• Dr. Brandon

5 Hacks to Prevent Knee and Back Pain in Squats or Lunges




Welcome back to movement Monday and here are 5 things you can do to get rid of knee and back pain during lunges or squats.

Reset Make sure you have enough room at the ankles. Do you come up on your toes when going down into a squat to try to get your squat lower, chances are you are running out of ankle mobility. Lacking mobility at the ankles makes it so we have to make up for it somewhere else. This means that other areas, especially the low back have to become more mobile to compensate for the ankles and when this happens in the low back is not a good thing. This equals more stress, which could lead to a disc injury from having to flex to make up for the ankle.
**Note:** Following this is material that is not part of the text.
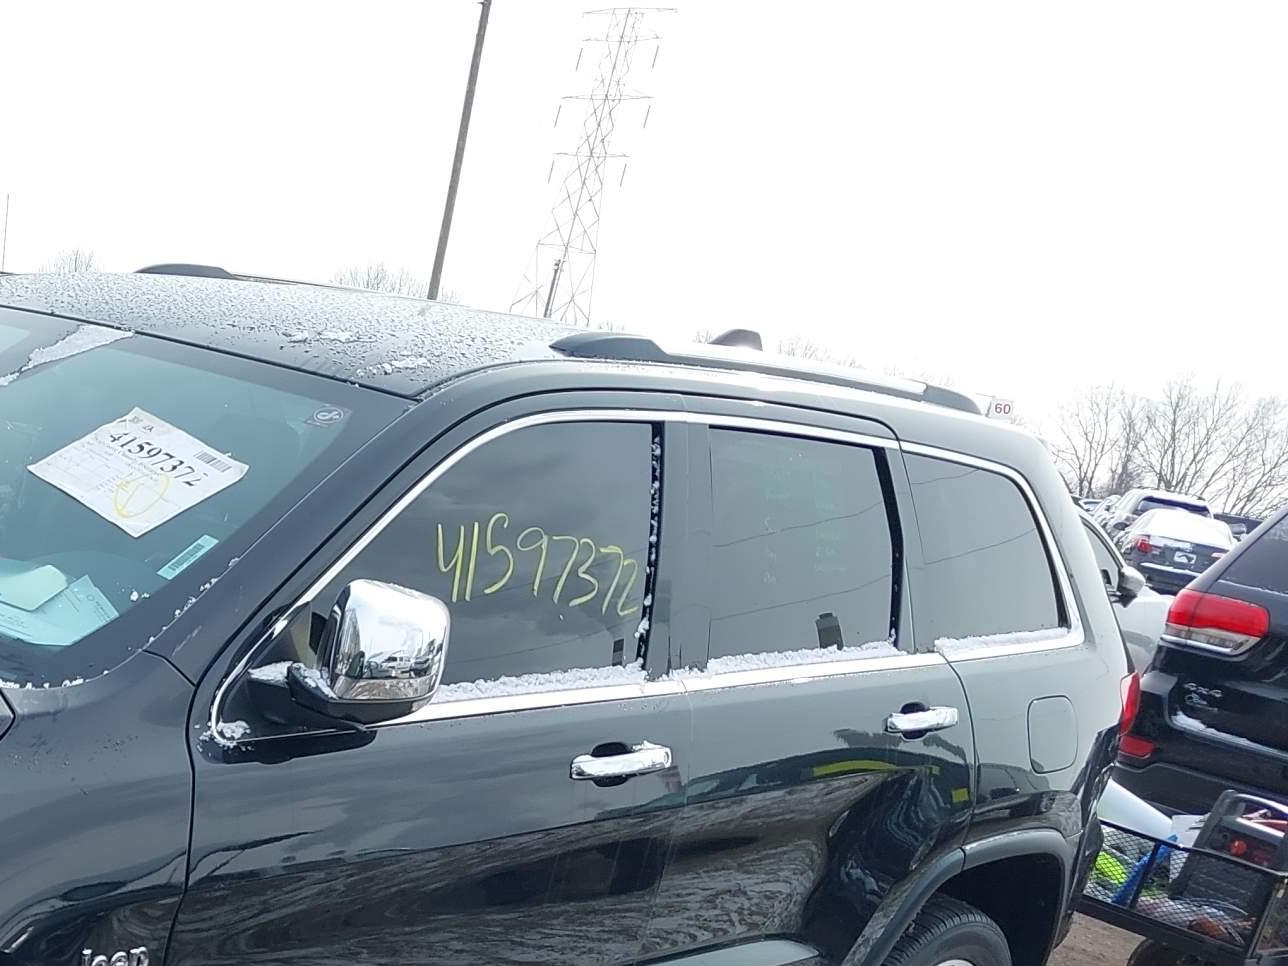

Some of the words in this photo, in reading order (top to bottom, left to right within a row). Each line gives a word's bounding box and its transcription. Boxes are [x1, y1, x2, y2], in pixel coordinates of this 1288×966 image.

For starters, we’ll do a simple ankle self mobilization with a belt or strap or with our opposite hand(using the left hand if mobilizing the right ankle. This allows us to keep our heels on the floor in both the lunge and the squat and can take the stress out of the low back.
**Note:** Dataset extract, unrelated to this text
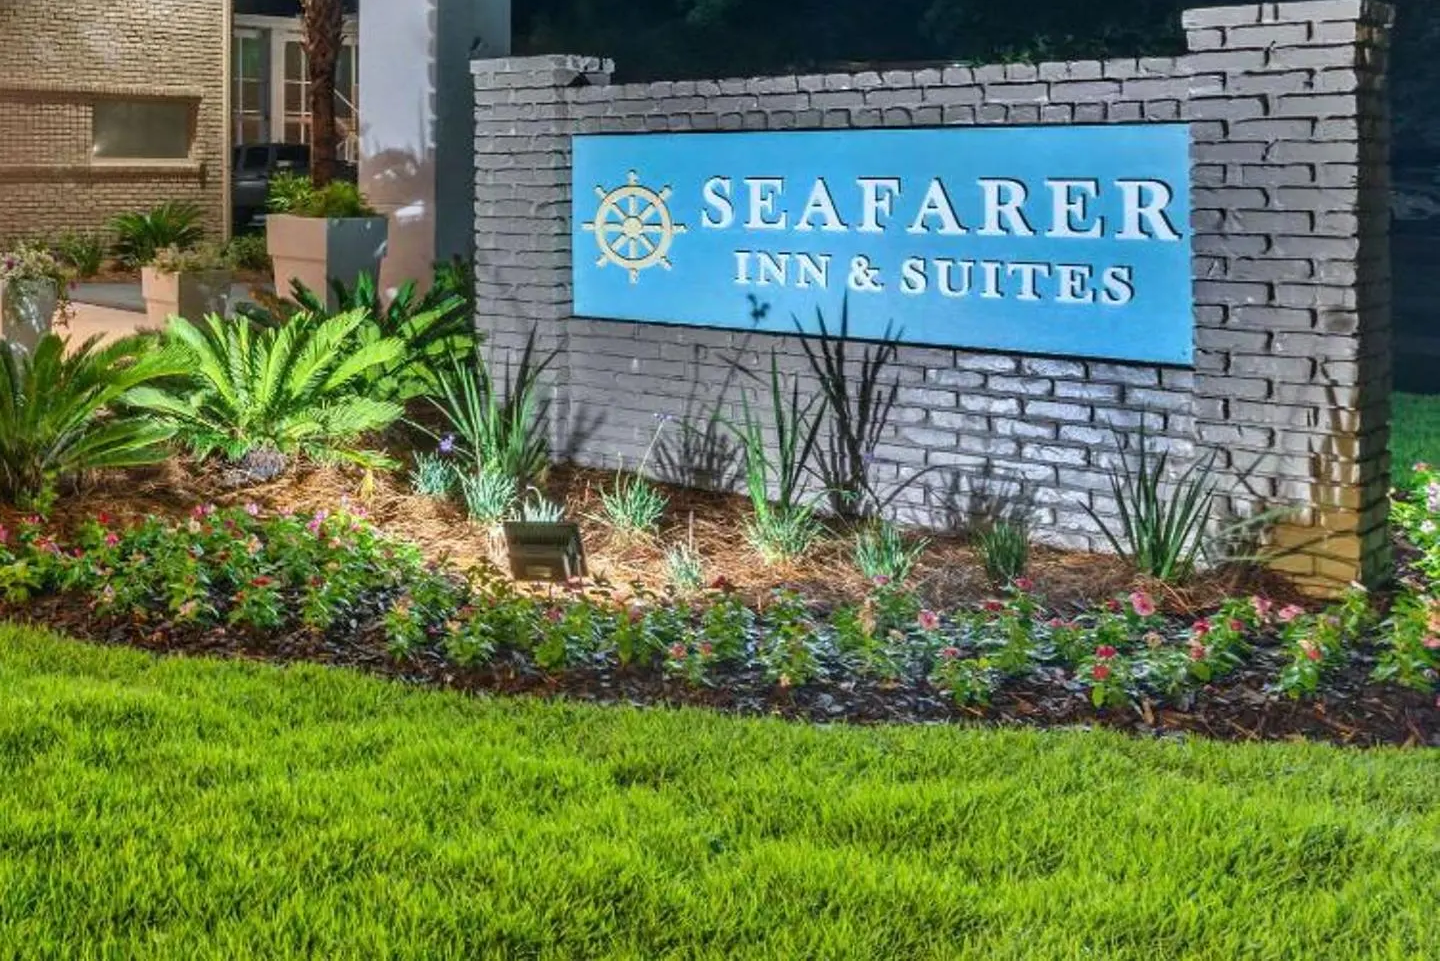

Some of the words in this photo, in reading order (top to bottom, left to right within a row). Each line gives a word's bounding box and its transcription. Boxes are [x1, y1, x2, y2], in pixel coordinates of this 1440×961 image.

Our setup is, with our lead leg on a mat in a half kneel position or a bench, place the strap on the top of the foot where it hinges, using your hands or other knee, hold the strap so that it pushes firmly into your ankle hinge then lunge forward pushing your knee past your toes. Repeat 15-20 times. While you’re here, treat all the motions of the joint where your shin and ankle come together by also going side to side with your mobilization.


Feel Deskbound and lacking mobility in the hips? This next movement will help you regain some of the lost extension to your hips.The half kneeling hip flexor exercise along with the foot on chair version are 2 of my go to’s when addressing loss of hip mobility especially if you have difficulty maintaining form or just feel tight in the trailing leg in a lunge.

Reinforce

Do your knees go towards each other in a squat, going up or down stairs, or in a lunge or have you had it pointed out that you pronate when you run or lunge? Chances are you are missing some control at the hip and the following 3 exercises are designed to restore control.


The side plank with clam/star

If we are missing some strength in our stabilizers of the hip, the side plank with clam or side plank star are our first stops to regaining control of our hip stabilizers. Set-up: Post up on one side on your elbow and knee, lift your hip off the mat then separate your knees like so

To increase the challenge, straighten the top leg and to further increase the challenge, straighten the bottom leg.

For all 3 you can either hold or perform repetitions to fatigue.



Assuming you have sufficient mobility in your ankles and your hips as well as sufficient strength to your hip rotators, the monster squat is your next stop for regaining control and preventing knee and low back pain during a squat Is the monster squat.

Set-up, Place a resistance band or loop around and above both knees, squat down resisting the pull of the band while also not rolling your ankles out(which is cheating on this exercise). Variant is the monster walk where you remain in the squat and then walk forwards and backwards maintaining your stance. Weights in the goblet squat position can be used to increase difficulty.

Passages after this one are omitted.